Jakarta has done ‘too little, too late’


Indonesian Environment Minister lashes out at govt over handling of fires.

ENVIRONMENT Minister Sarwono Kusumaatmadja has lambasted fellow ministers and government officials for not doing enough to tackle the worsening haze from forest and land fires in Sumatra and Kalimantan.

He told The Straits Times yesterday that complaints over problems caused by the fires and smoke often gained “late and passive response” from government agencies.

He attributed the poor co-ordination system among ministries and departments to the “very minimal support” from government and military officials. He declined to name them.

He said that since March this year he had issued warnings to various departments about the possible effects of the drought and forest fires.

“People are waking up too late to this problem. The whole Jakarta elite, including the press, are disgustingly late,” he said.

His comments take place against a background of mounting calls on the government to take action against 175 plantation and forestry companies for violating an indefinite ban on land clearing by fire.

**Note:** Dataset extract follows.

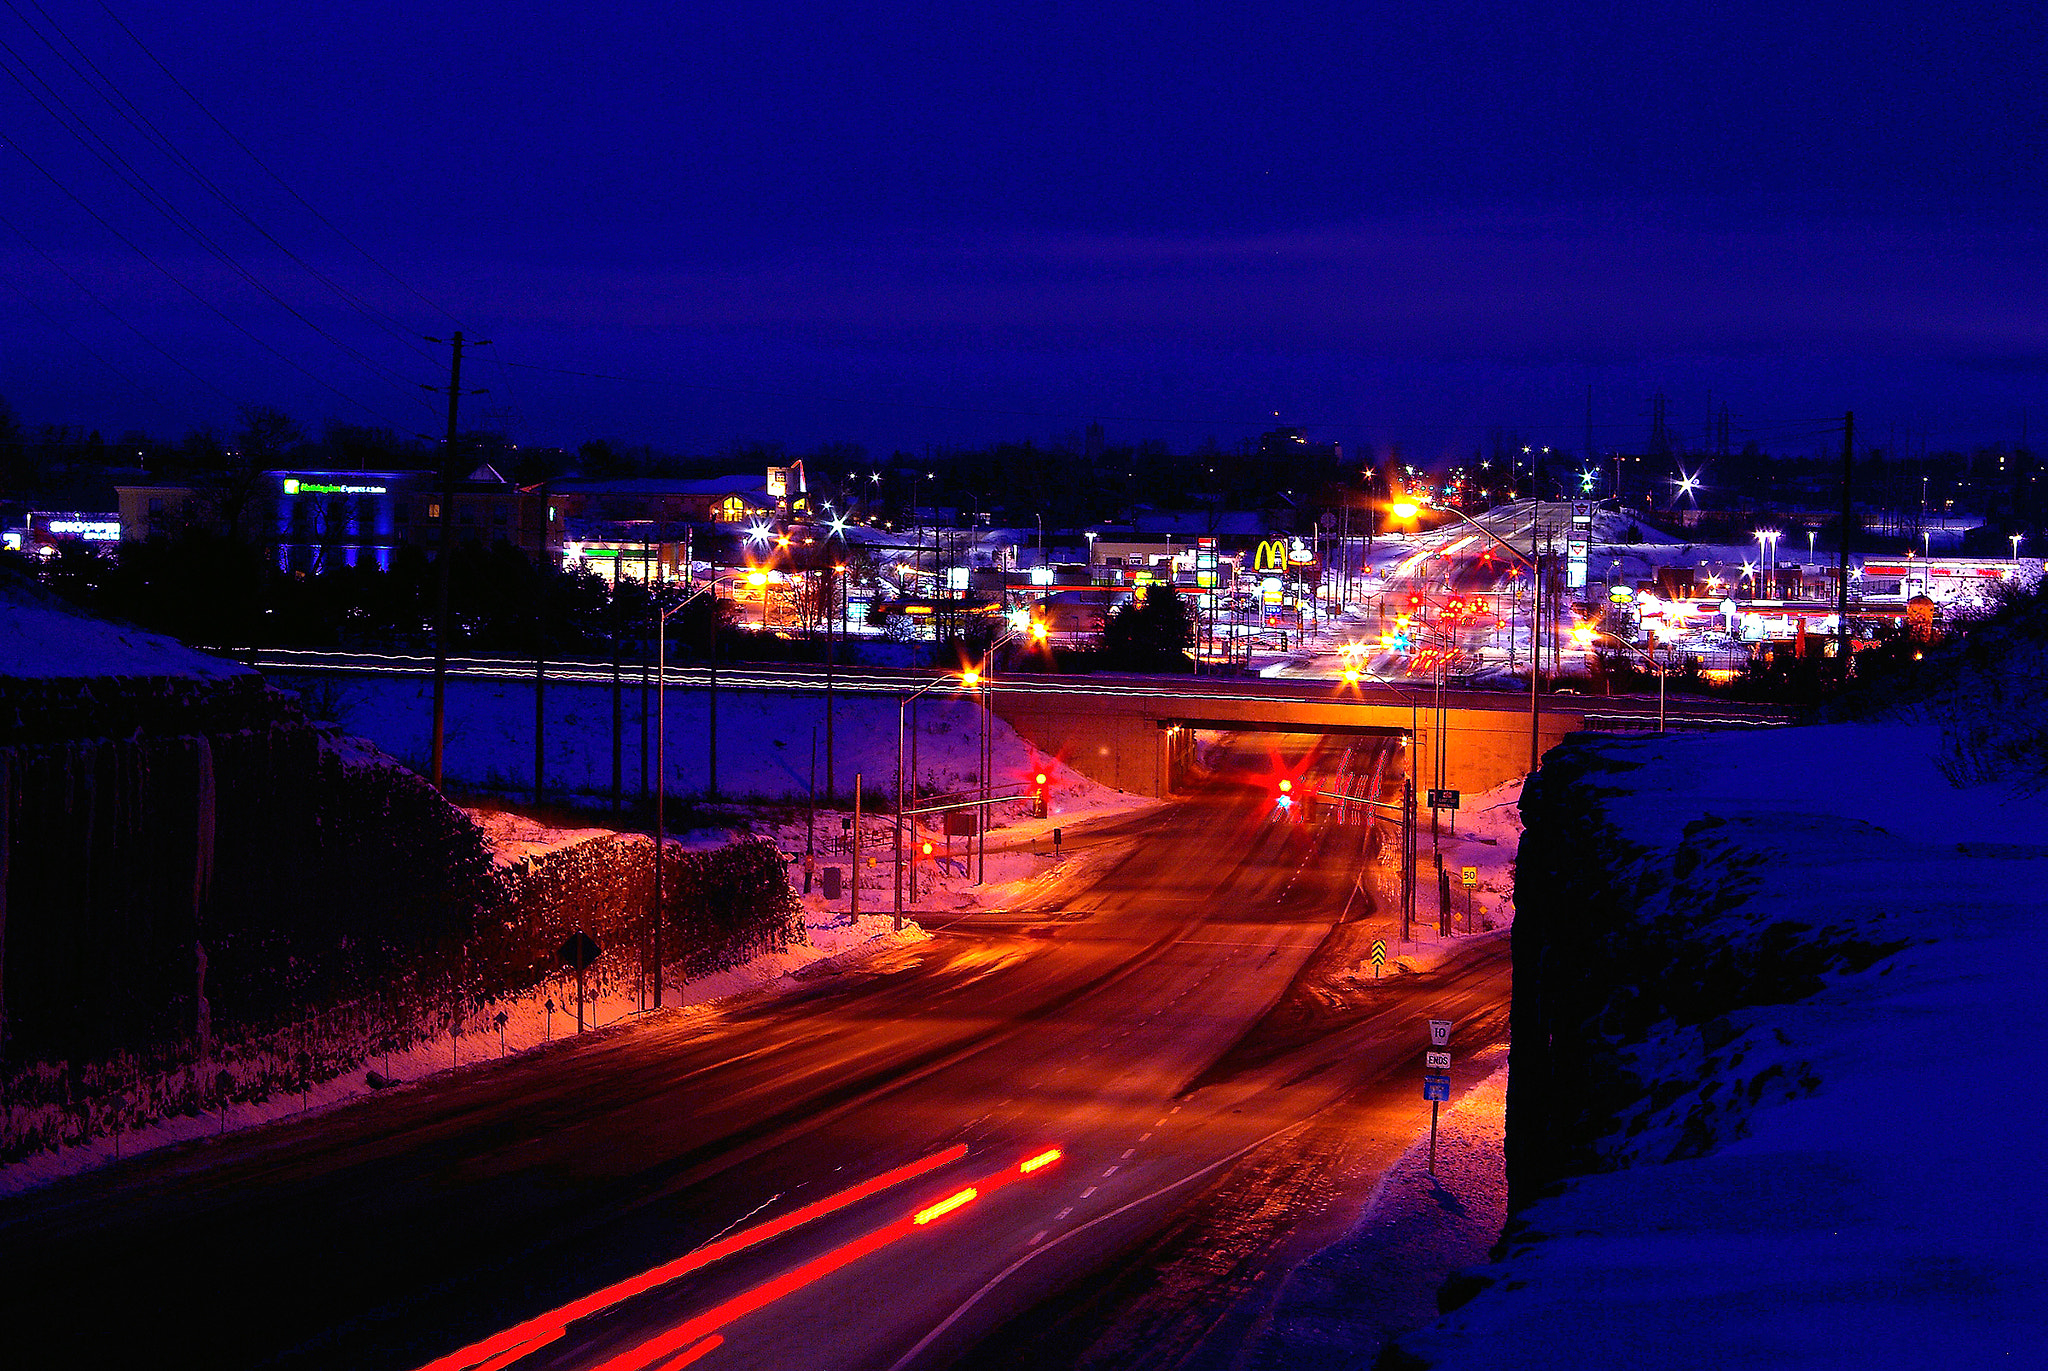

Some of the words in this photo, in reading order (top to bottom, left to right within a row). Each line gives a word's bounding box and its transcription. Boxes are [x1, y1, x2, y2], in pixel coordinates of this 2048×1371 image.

[1463, 871, 1476, 880] 50
[1434, 1027, 1446, 1038] 10
[1428, 1056, 1449, 1065] ENDS

Observers here said that Mr Sarwono and his ministry was “fighting a lone battle” in tackling the fires which have so far destroyed 300,000 ha of forest in Sumatra and Kalimantan and caused thick smoke and haze to envelop neighbouring Singapore and Malaysia.

He has criticised these firms for continuing to violate the ban. Many had actually stepped up the practice of clearing land by fire in the hope that they could meet their business targets before the government clamps down.

He added that the problem was complicated by collusion between local government officials and businesses.

“This is one of the reasons why the problem has persisted,” he said recently.

The worsening haze has, however, prompted a joint response from neighbouring countries to help Indonesia put out the fires.

The Malaysian government will send 1,210 volunteers to Sumatra and another 210 to Kalimantan to fight the fires. They are expected to arrive today.

Malaysia has also offered three C-130 Hercules planes to take part in cloud-seeding operations.

Mr Sarwono also told The Straits Times that Japan and the United States were also planning to offer planes, fire-fighting technology and geo-positioning satellite systems.

Deputy secretary of the National Disaster Management Co-ordinating Board Hernowo Hadiwonggo said that Thailand had also offered to send two water bomber aircraft.

“Normally, we never ask for assistance, but we will consider it when there are offers,” The Jakarta Post yesterday quoted him as saying. “Our policy is that we don’t ask.”

He said that the haze had prompted four provinces in Kalimantan and Sumatra – the worst hit by forest and land fires – to declare a condition of “first alert”.

“First alert doesn’t mean a state of emergency. It means that the situation in the respective areas is dangerous,” he said, pointing to the provinces of Riau, Jambi, South and West Kalimantan.

Meanwhile, fires are reported to have started in various parts of Central Java.

The Antara national news agency yesterday said that worsening drought conditions and strong winds, coupled with man-made fires, had caused the fires to quickly spread.

Forest fires are also continuing to rage in the Jayawijaya district of Irian Jaya where 251 people have died from famine and drought-related diseases. The thick smoke and haze from the fires have hampered efforts to fly supplies to the area which is facing acute food shortage.